92
Saturday 17 January
Shortly after 2 p.m. Roy Grace drove in through the front entrance of a large, tired-looking apartment block, Mandalay Court, then down an incline at the side, as he had been directed. He was curious to see what Darren Spicer’s tip-off revealed.
As he headed around the rear of the building, his wipers clearing away a few tiny spots of drizzle, he saw a long row of shabby lock-up garages that did not look like they had been used for years. At the far end were three vehicles: Glenn Branson’s unmarked silver Ford Focus, identical to the one Grace had come in; the little blue van, which he presumed belonged to the locksmith; and the white police van, containing two members of the Local Support Team, who had been requested in case they had to break their way in, and had brought a battering ram with them as backup.
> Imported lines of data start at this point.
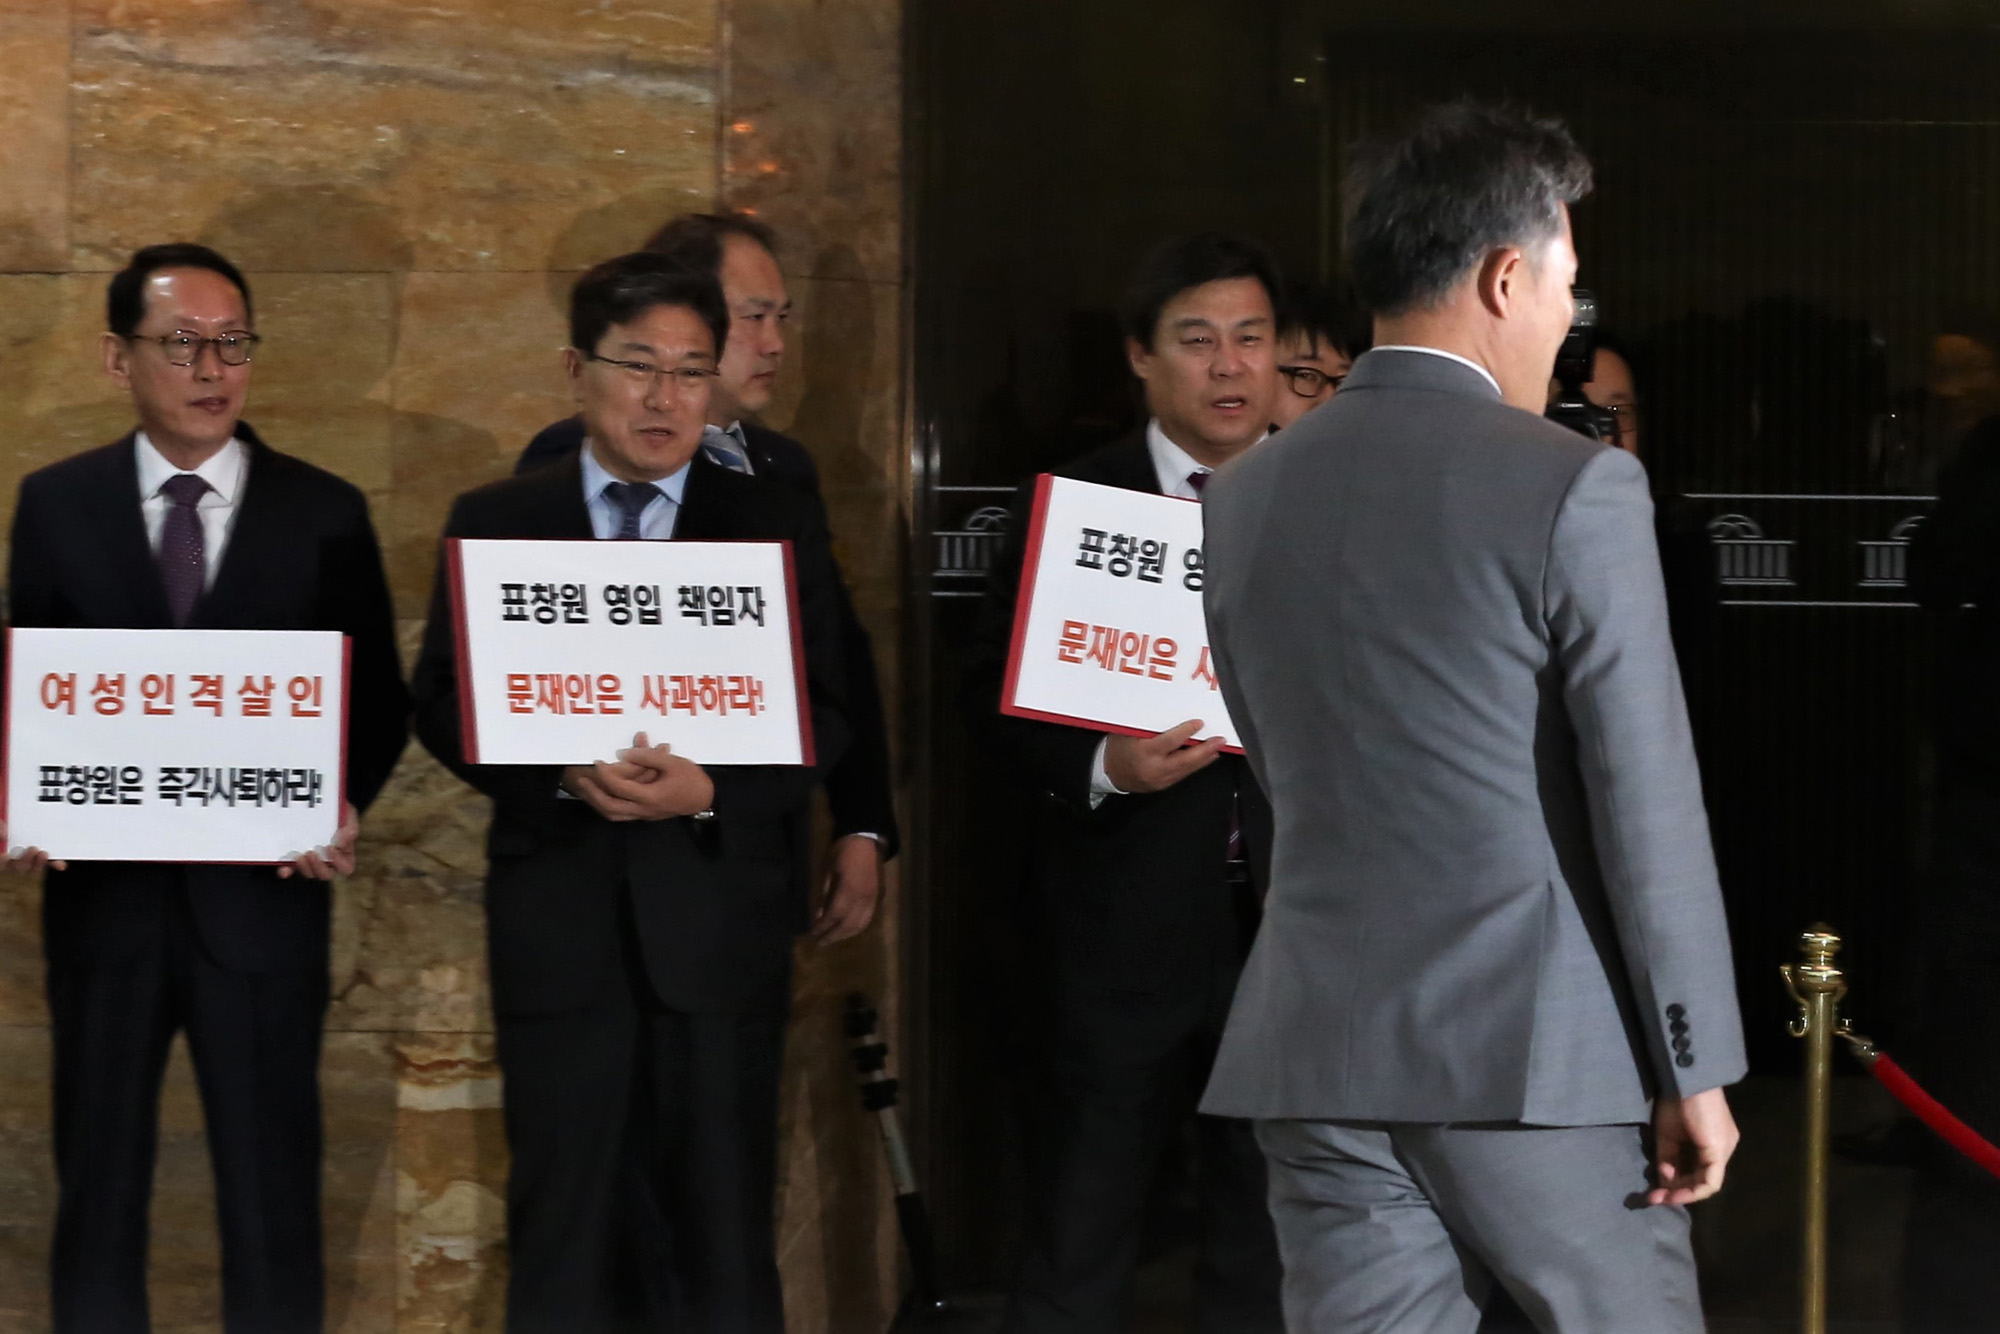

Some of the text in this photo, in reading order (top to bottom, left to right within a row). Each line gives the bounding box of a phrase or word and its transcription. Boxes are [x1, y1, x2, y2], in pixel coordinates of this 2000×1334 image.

[1075, 527, 1168, 584] 표창원
[500, 582, 766, 627] 표창원 영입 책임자
[1058, 619, 1178, 681] 문재인은
[506, 672, 765, 717] 문재인은 사과하라!
[36, 764, 323, 809] 표창원은 즉각사퇴하라!
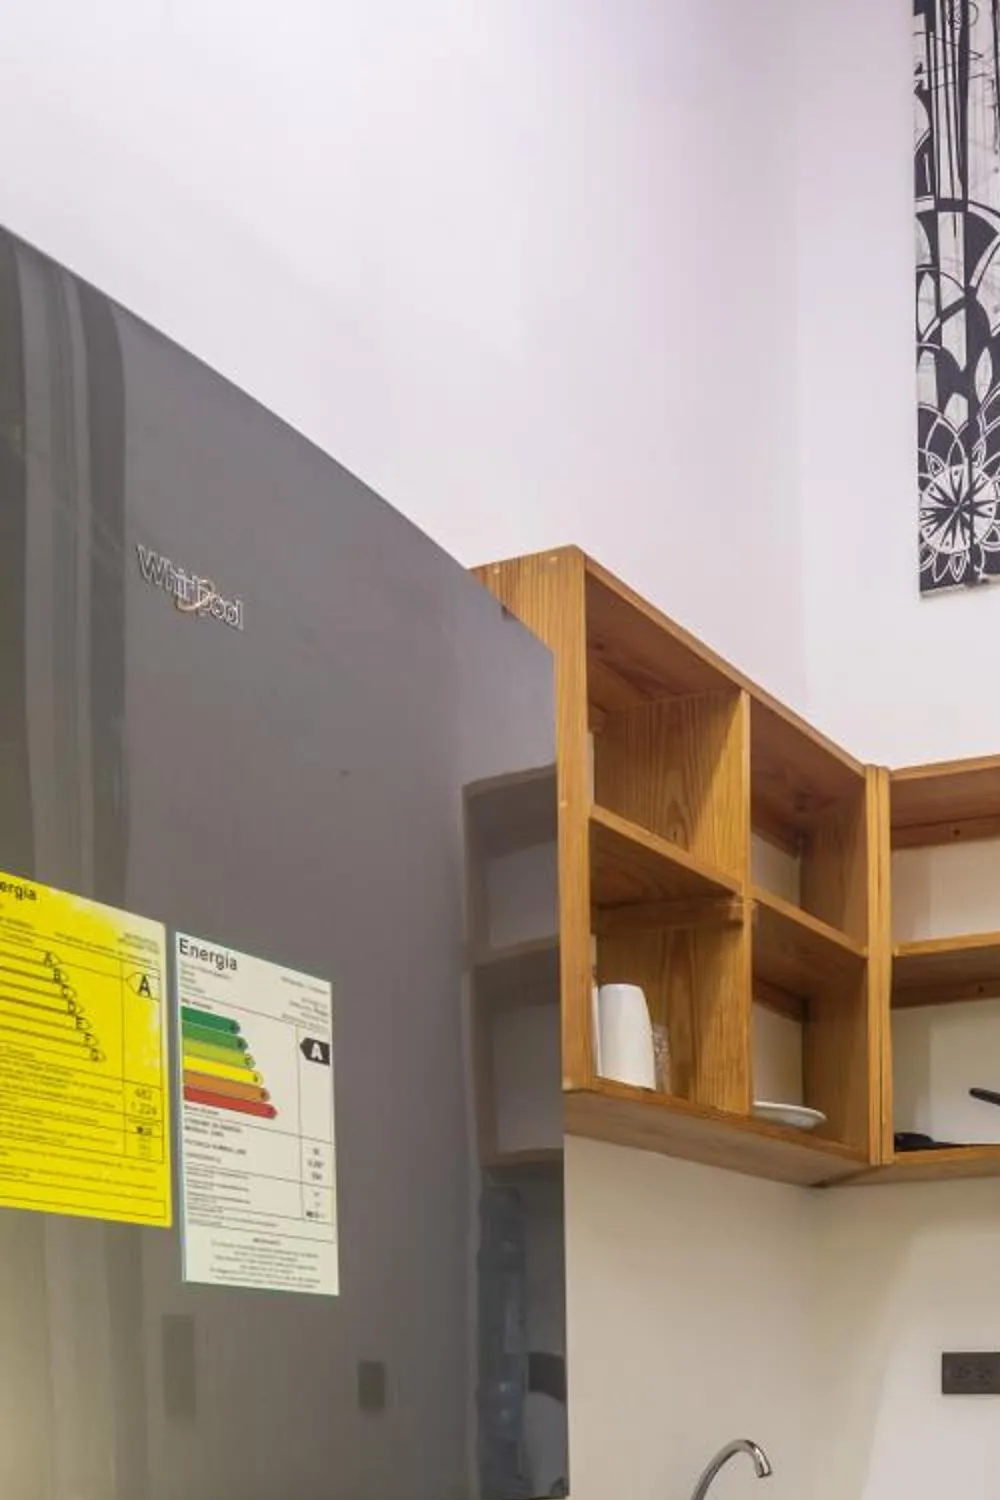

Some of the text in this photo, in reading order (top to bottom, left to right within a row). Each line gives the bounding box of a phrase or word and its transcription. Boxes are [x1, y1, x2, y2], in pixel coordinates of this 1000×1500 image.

[179, 937, 237, 971] Energia
[138, 974, 151, 997] A
[311, 1042, 323, 1060] A
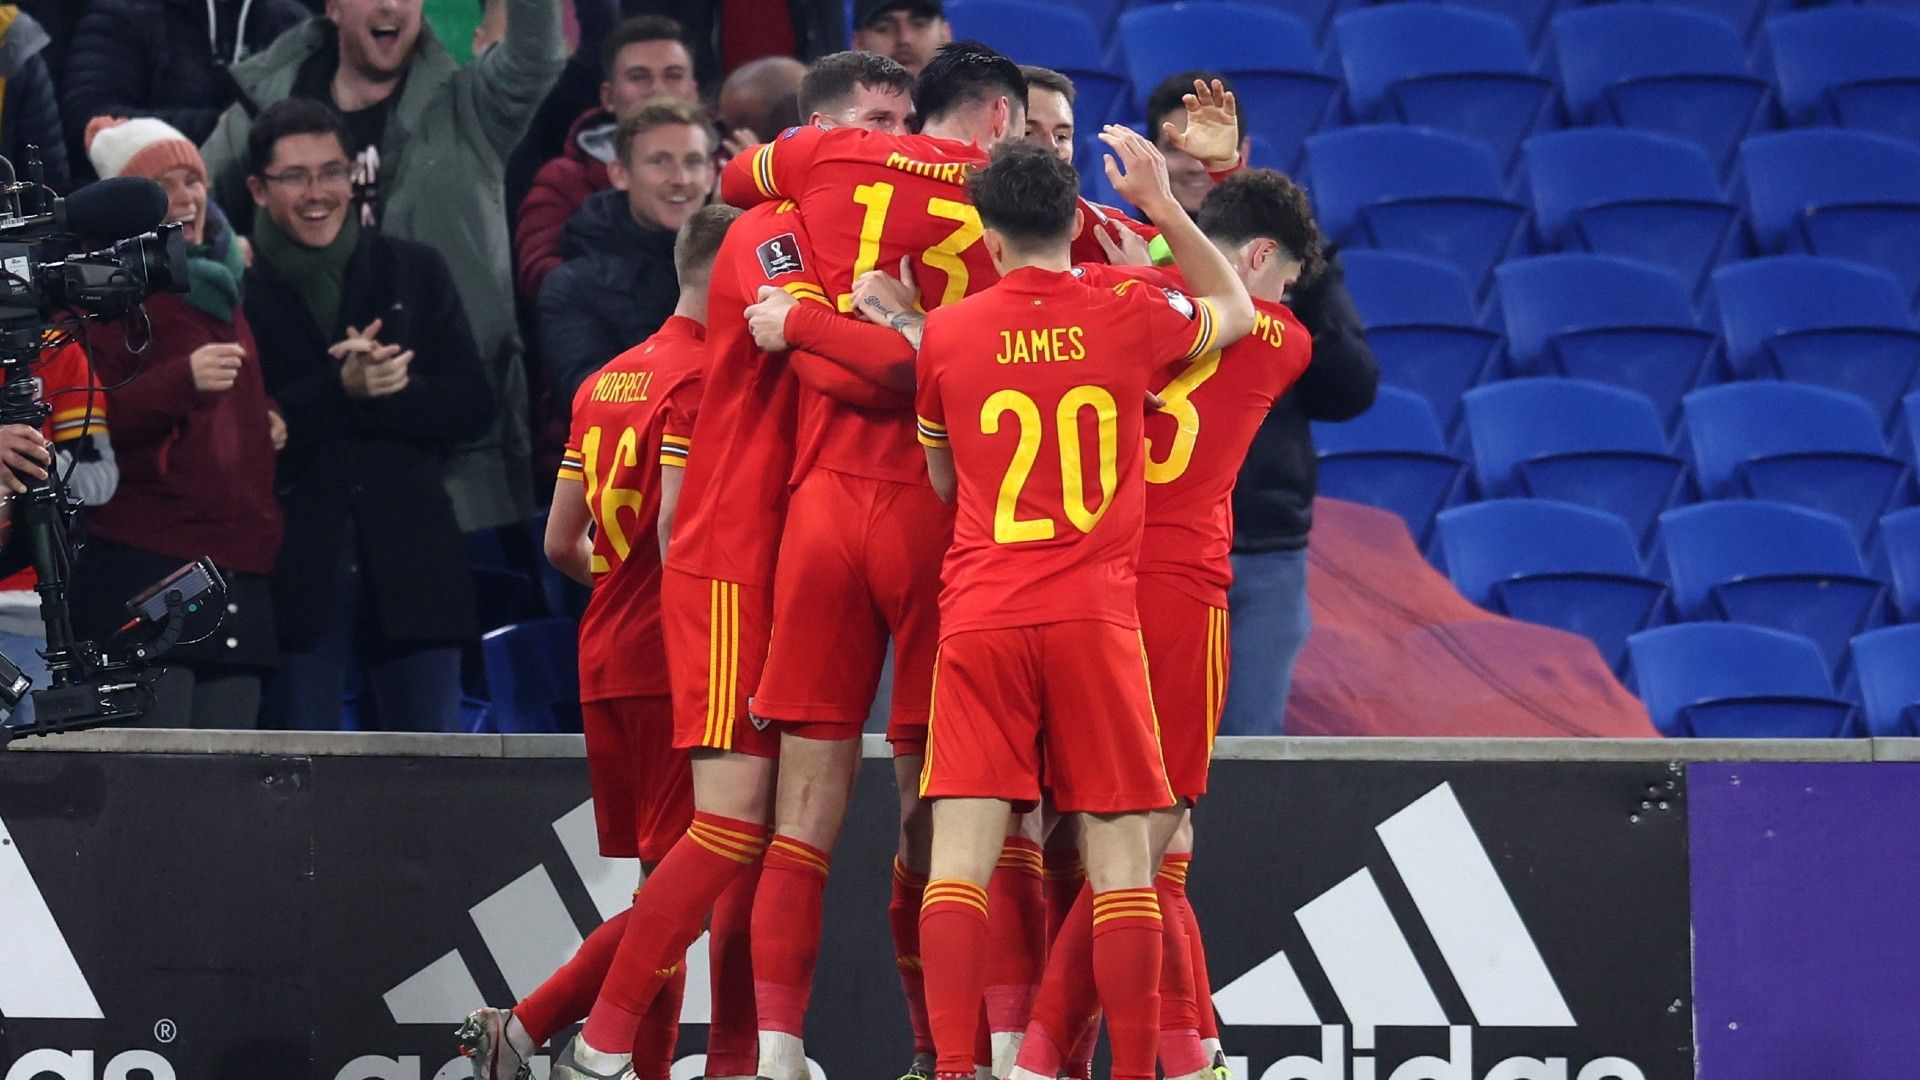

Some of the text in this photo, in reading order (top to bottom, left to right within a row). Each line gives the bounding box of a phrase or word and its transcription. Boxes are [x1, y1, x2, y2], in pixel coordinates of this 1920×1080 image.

[838, 181, 985, 313] 13
[996, 327, 1086, 364] JAMES
[1252, 310, 1286, 348] MS
[590, 371, 653, 402] MORRELL
[581, 426, 643, 573] 16
[980, 385, 1117, 544] 20
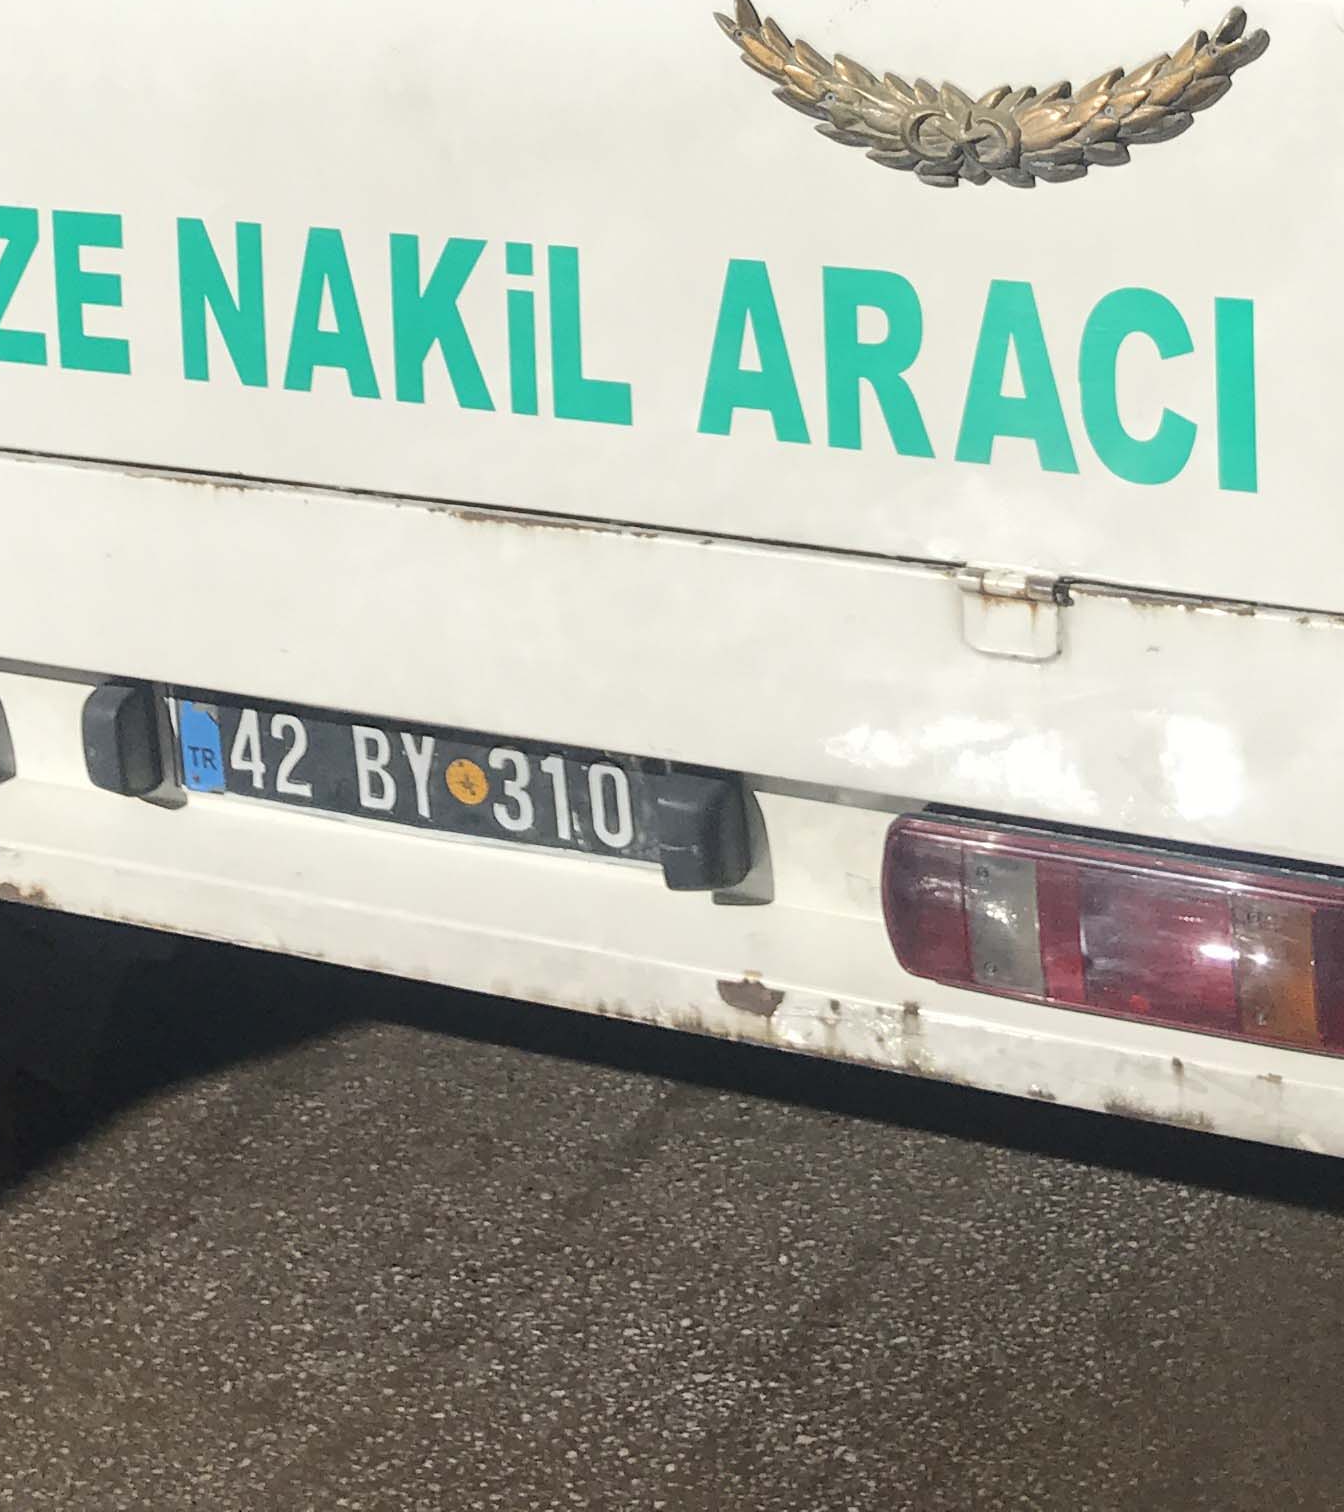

Not that there were many doors, in Grace’s experience, that could defeat ever-cheery Jack Tunks, whose day job was maintaining the locks at Lewes Prison.
Tunks, in heavy-duty blue overalls, a grimy bag of tools on the ground beside him, was busy inspecting the locks.
Grace climbed out of the car, holding his torch, and greeted his colleague, then nodded towards the last of the garages in the row. ‘This the one?’
‘Yep. No. 17, not very clearly marked.’ Branson double-checked the search warrant that had been signed half an hour ago by a local magistrate. ‘Yep.’
‘Blimey,’ Tunks said. ‘What’s he got in there? The blooming crown jewels?’
‘Does seem a lot of locks,’ Grace agreed.
‘Whoever’s had these put on isn’t messing about. I’ll guarantee the door’s reinforced behind too.’
Grace detected a degree of grudging respect in his voice. The recognition of one professional’s work by another.
While Tunks applied himself to his task, Grace stood rubbing his hands against the cold. ‘What do we know about the owner of this garage?’ he asked Branson.
‘I’m on to it. Got two PCSOs going round the apartment block now so see if anyone knows who the owner is, or at least one of the tenants. Otherwise I’ll see what we can get from the Land Registry online.’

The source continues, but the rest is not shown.